## Task to complete
Without including the images, transcribe each record precisely as it appears below.

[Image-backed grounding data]
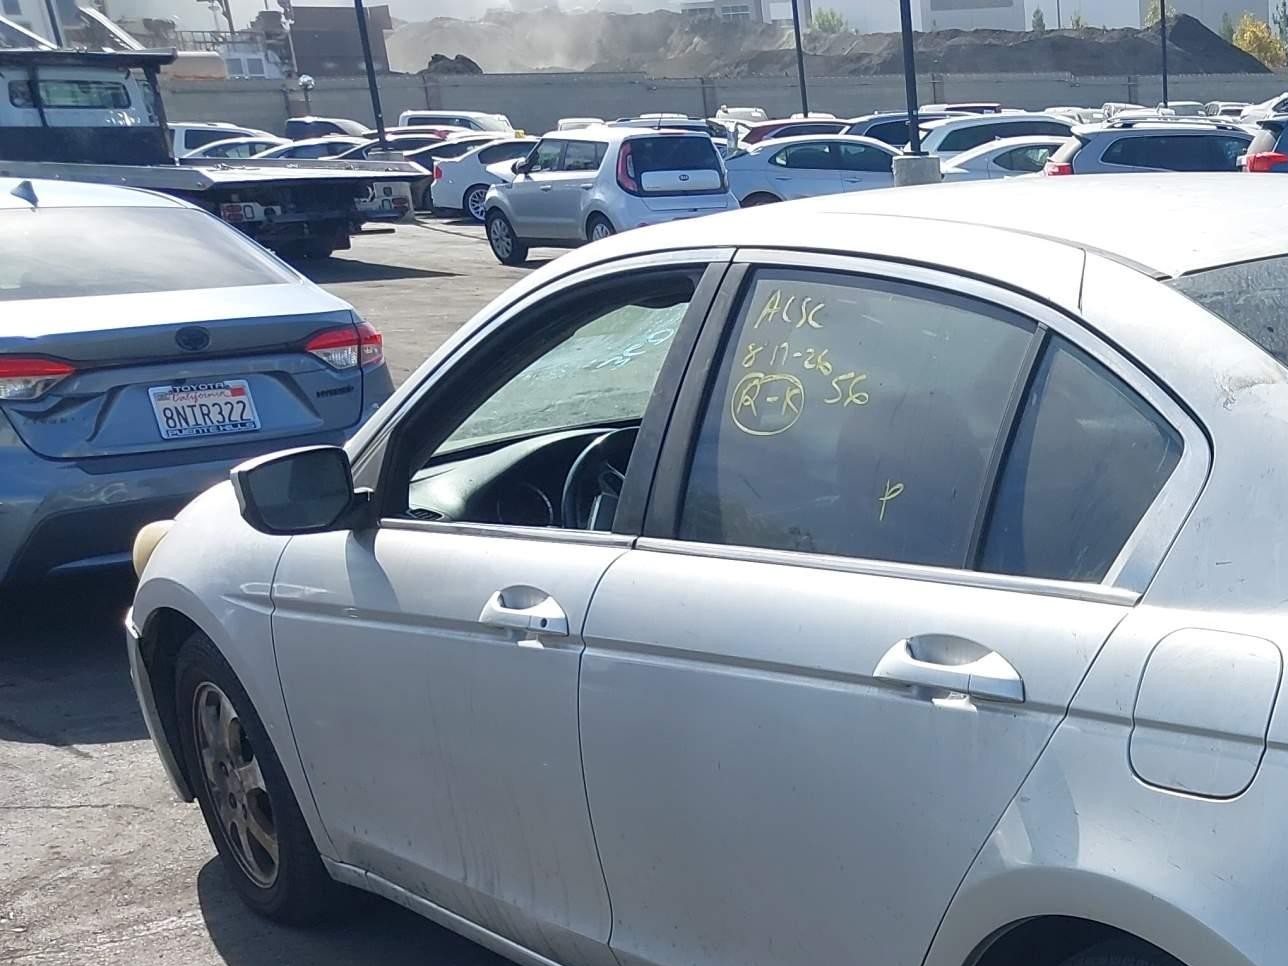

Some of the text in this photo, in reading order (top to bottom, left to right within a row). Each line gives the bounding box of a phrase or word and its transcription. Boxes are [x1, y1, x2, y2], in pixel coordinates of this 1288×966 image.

[754, 289, 825, 329] ACSC
[173, 383, 224, 393] TOYOTA
[824, 371, 869, 407] 56
[163, 400, 251, 429] 8NIR322
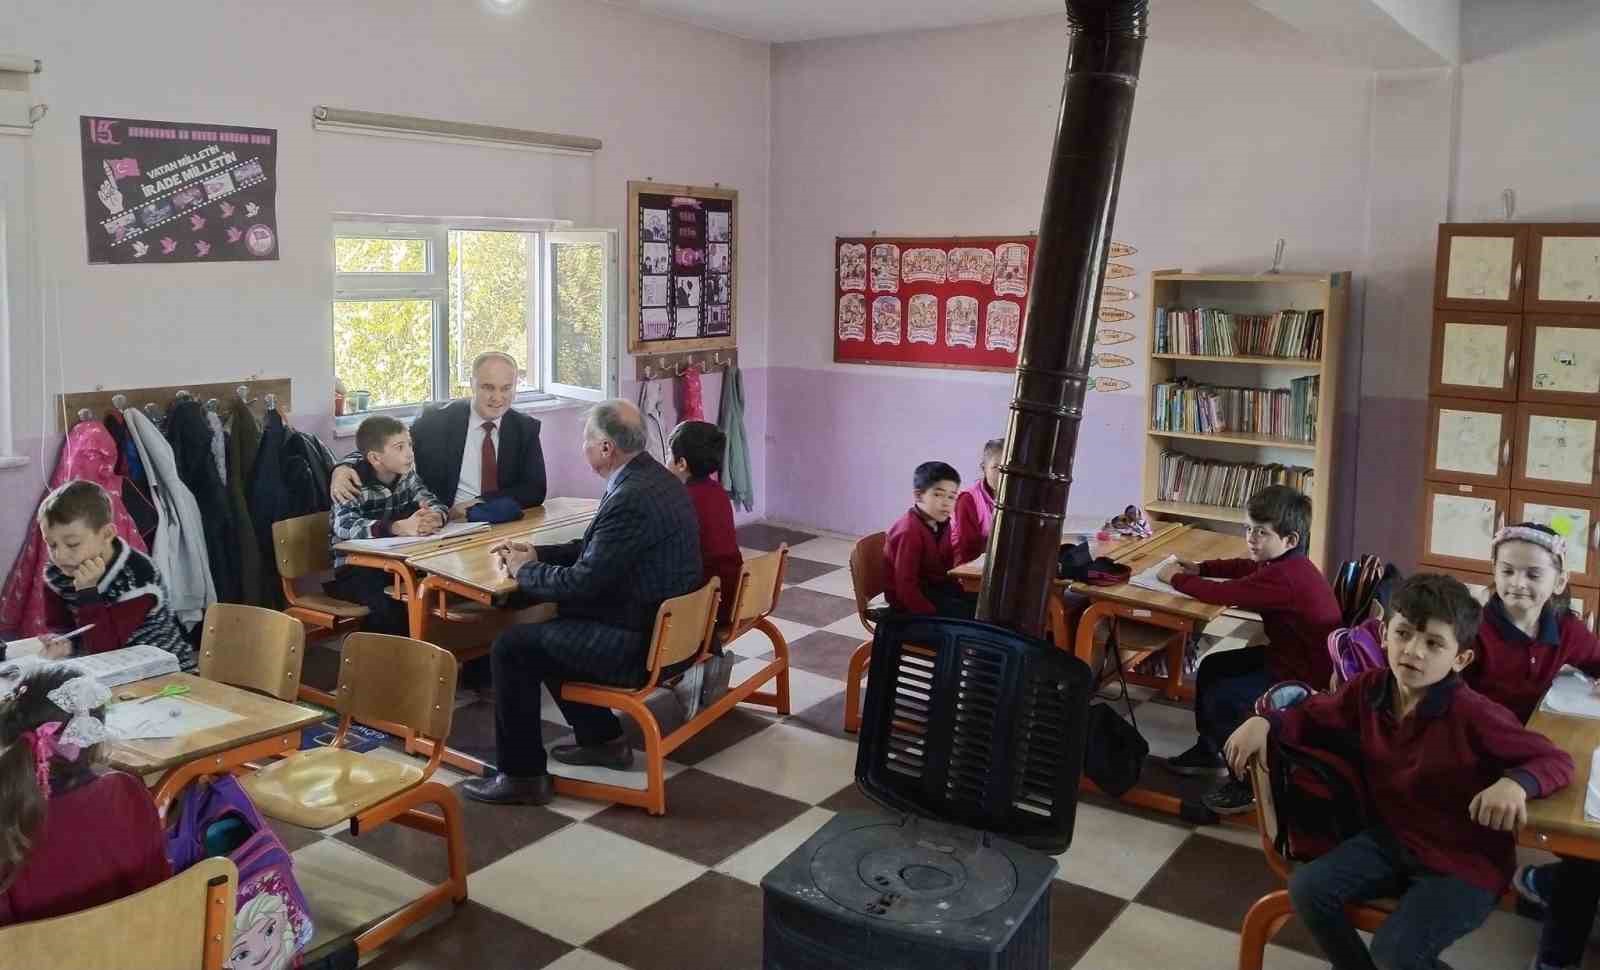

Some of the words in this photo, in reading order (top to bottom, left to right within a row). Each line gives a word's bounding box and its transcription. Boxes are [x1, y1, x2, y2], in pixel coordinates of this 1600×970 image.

[140, 173, 180, 198] İRADE
[181, 151, 237, 181] MİLLETİN
[146, 160, 178, 179] VATAN
[178, 144, 220, 168] MİLLETİN

## Response to this exercise
Some of the text in this photo, in reading order (top to bottom, left to right within a row). Each line gives the bounding box of a phrase or word and its transcription. Boxes are [x1, y1, x2, y2], in pixel coordinates of this 1288×966 image.

[754, 289, 825, 329] ACSC
[173, 383, 224, 393] TOYOTA
[824, 371, 869, 407] 56
[163, 400, 251, 429] 8NIR322

Some of the words in this photo, in reading order (top to bottom, left to right within a row). Each line gives a word's bounding box and its transcription. Boxes are [x1, y1, x2, y2], in pixel coordinates of this 1600×970 image.

[140, 173, 180, 198] İRADE
[181, 151, 237, 181] MİLLETİN
[146, 160, 178, 179] VATAN
[178, 144, 220, 168] MİLLETİN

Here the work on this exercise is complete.